[Stored data entries]
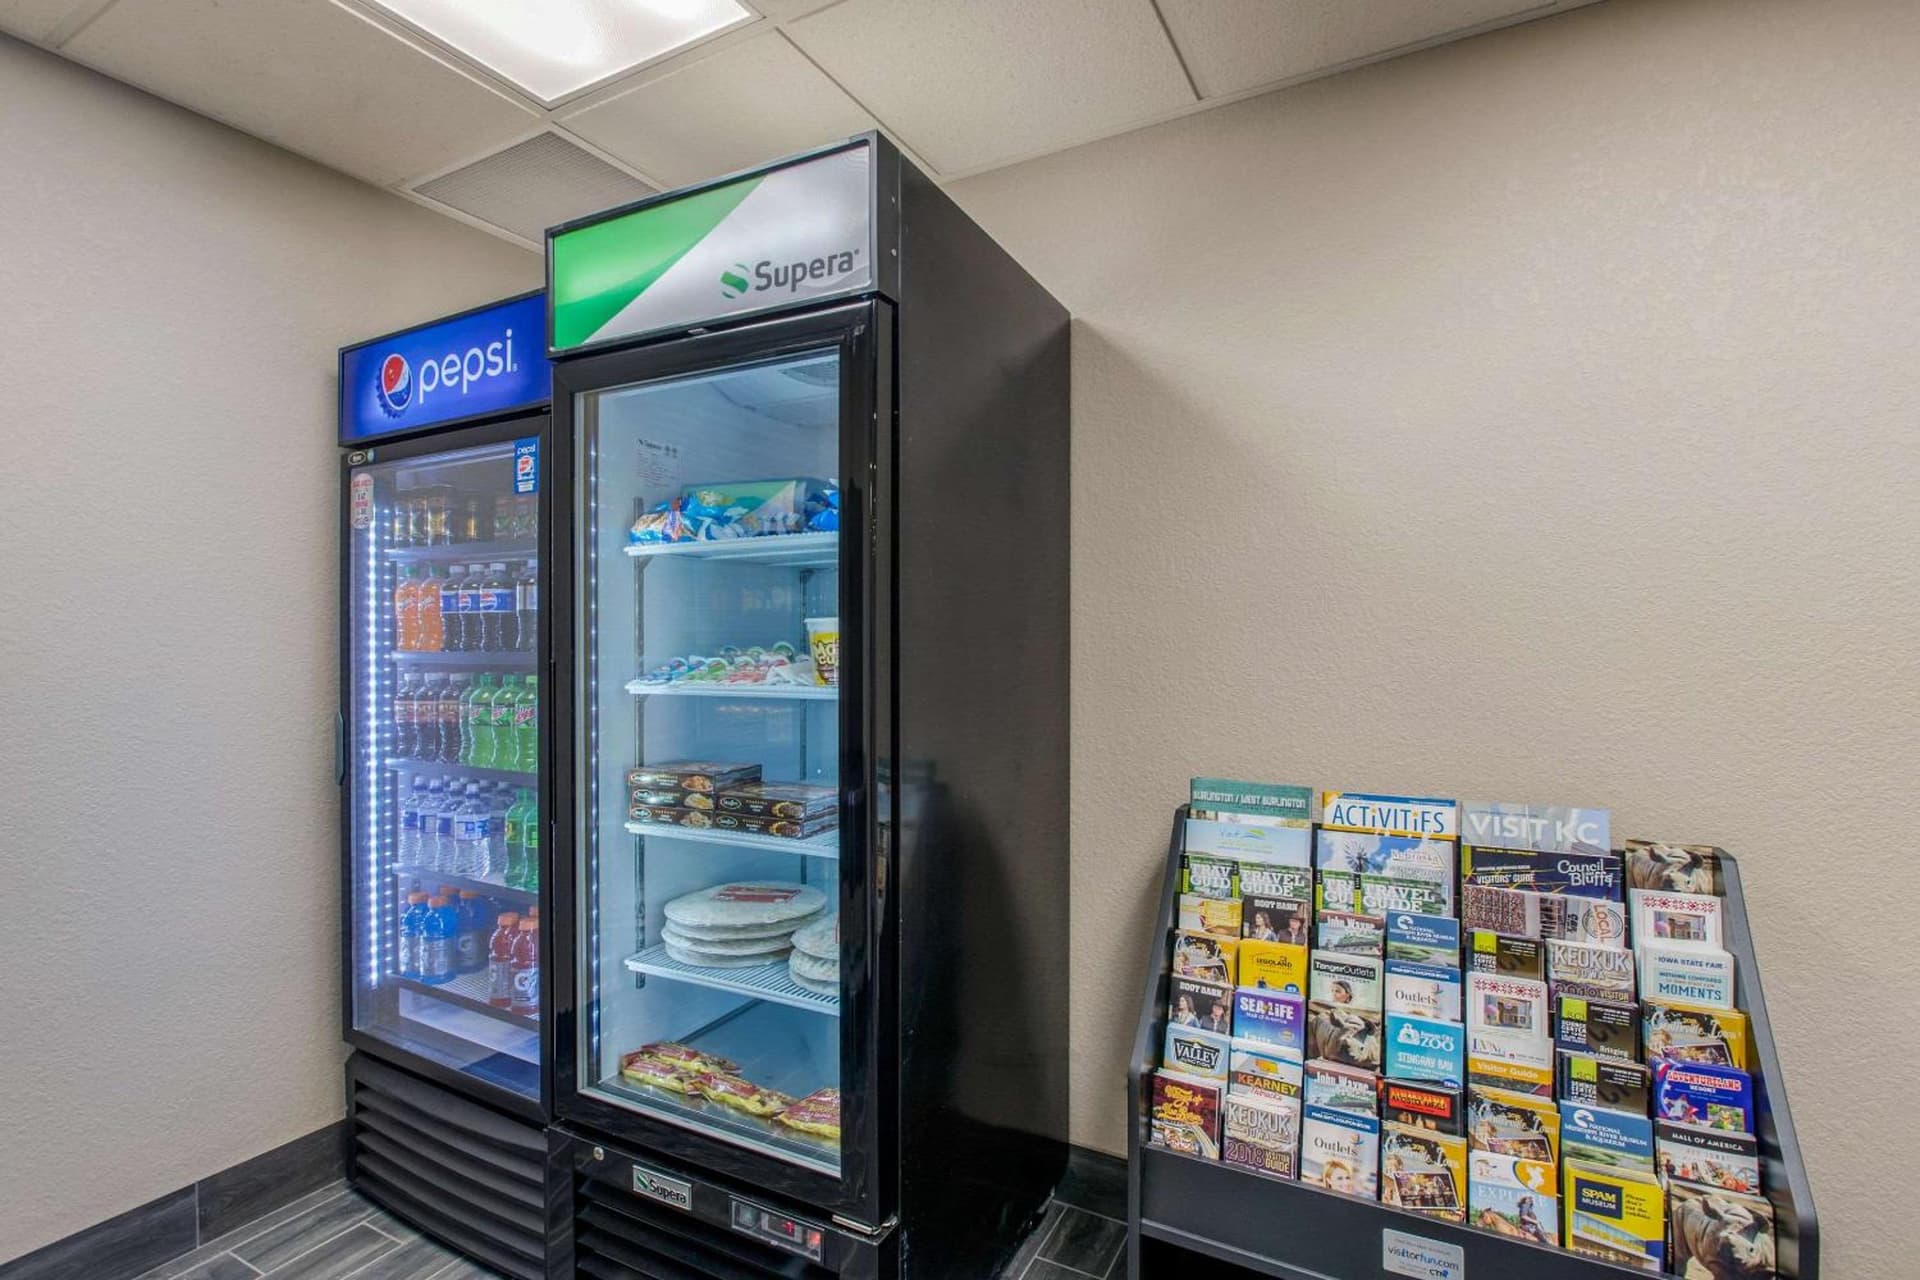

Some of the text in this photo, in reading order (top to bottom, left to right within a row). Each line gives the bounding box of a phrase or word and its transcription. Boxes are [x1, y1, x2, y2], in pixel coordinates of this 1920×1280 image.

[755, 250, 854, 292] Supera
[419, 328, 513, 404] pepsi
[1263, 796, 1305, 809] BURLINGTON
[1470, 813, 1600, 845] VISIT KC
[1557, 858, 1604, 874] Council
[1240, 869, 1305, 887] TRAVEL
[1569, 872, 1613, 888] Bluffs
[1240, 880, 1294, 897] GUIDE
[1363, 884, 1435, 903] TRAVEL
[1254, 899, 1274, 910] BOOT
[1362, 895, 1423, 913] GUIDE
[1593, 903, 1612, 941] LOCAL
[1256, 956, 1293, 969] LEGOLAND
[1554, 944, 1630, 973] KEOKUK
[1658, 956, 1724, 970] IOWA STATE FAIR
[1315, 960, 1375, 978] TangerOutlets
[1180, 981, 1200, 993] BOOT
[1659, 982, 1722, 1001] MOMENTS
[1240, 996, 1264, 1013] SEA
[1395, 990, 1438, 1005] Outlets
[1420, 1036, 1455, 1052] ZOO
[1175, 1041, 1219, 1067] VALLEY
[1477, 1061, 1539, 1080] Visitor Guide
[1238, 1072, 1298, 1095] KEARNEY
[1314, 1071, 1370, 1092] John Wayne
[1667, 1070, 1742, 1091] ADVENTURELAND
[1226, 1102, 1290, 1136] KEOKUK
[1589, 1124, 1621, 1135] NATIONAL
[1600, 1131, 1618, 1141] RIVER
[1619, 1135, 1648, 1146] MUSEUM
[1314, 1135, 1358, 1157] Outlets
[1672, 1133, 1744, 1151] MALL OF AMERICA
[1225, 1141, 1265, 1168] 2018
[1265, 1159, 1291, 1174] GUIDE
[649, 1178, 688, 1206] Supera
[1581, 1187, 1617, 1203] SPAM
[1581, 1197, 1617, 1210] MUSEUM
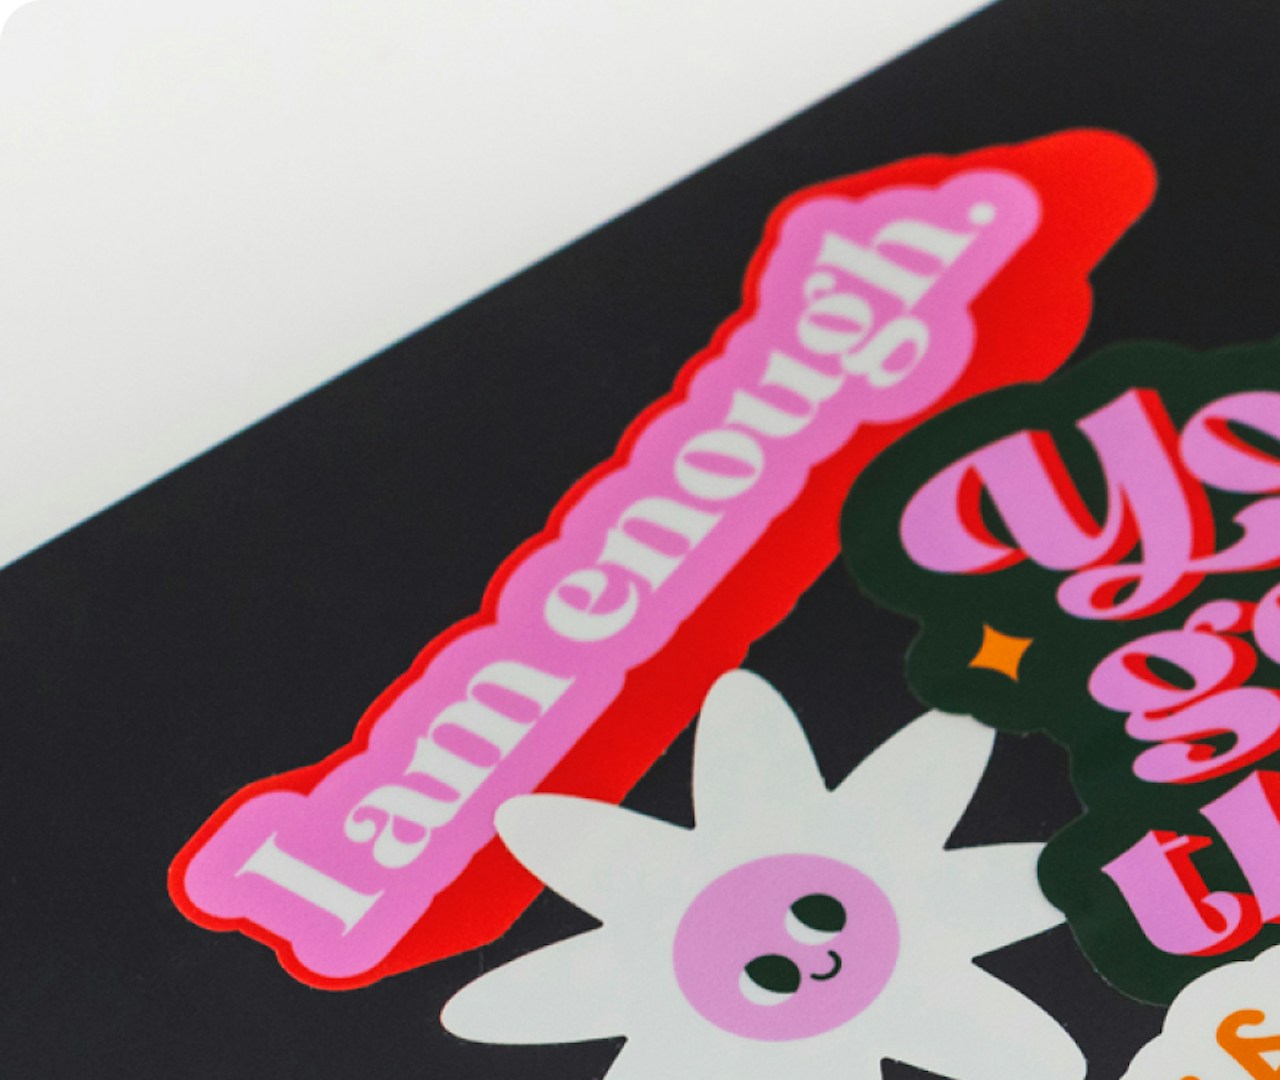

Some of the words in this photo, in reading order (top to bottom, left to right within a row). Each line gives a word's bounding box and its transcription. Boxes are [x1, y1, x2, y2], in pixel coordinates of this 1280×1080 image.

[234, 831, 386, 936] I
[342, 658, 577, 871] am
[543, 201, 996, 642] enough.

* **PROBLEM TO SOLVE**
The task calls for every record to be transcribed exactly, with no images included.

* **EXERCISE RESULT**
Some of the text in this photo, in reading order (top to bottom, left to right within a row). Each line gives the bounding box of a phrase or word and its transcription. Boxes are [x1, y1, x2, y2], in pixel coordinates of this 1920×1280 image.

[755, 250, 854, 292] Supera
[419, 328, 513, 404] pepsi
[1263, 796, 1305, 809] BURLINGTON
[1470, 813, 1600, 845] VISIT KC
[1557, 858, 1604, 874] Council
[1240, 869, 1305, 887] TRAVEL
[1569, 872, 1613, 888] Bluffs
[1240, 880, 1294, 897] GUIDE
[1363, 884, 1435, 903] TRAVEL
[1254, 899, 1274, 910] BOOT
[1362, 895, 1423, 913] GUIDE
[1593, 903, 1612, 941] LOCAL
[1256, 956, 1293, 969] LEGOLAND
[1554, 944, 1630, 973] KEOKUK
[1658, 956, 1724, 970] IOWA STATE FAIR
[1315, 960, 1375, 978] TangerOutlets
[1180, 981, 1200, 993] BOOT
[1659, 982, 1722, 1001] MOMENTS
[1240, 996, 1264, 1013] SEA
[1395, 990, 1438, 1005] Outlets
[1420, 1036, 1455, 1052] ZOO
[1175, 1041, 1219, 1067] VALLEY
[1477, 1061, 1539, 1080] Visitor Guide
[1238, 1072, 1298, 1095] KEARNEY
[1314, 1071, 1370, 1092] John Wayne
[1667, 1070, 1742, 1091] ADVENTURELAND
[1226, 1102, 1290, 1136] KEOKUK
[1589, 1124, 1621, 1135] NATIONAL
[1600, 1131, 1618, 1141] RIVER
[1619, 1135, 1648, 1146] MUSEUM
[1314, 1135, 1358, 1157] Outlets
[1672, 1133, 1744, 1151] MALL OF AMERICA
[1225, 1141, 1265, 1168] 2018
[1265, 1159, 1291, 1174] GUIDE
[649, 1178, 688, 1206] Supera
[1581, 1187, 1617, 1203] SPAM
[1581, 1197, 1617, 1210] MUSEUM

Some of the words in this photo, in reading order (top to bottom, left to right within a row). Each line gives a word's bounding box and its transcription. Boxes are [x1, y1, x2, y2], in pixel coordinates of this 1280×1080 image.

[234, 831, 386, 936] I
[342, 658, 577, 871] am
[543, 201, 996, 642] enough.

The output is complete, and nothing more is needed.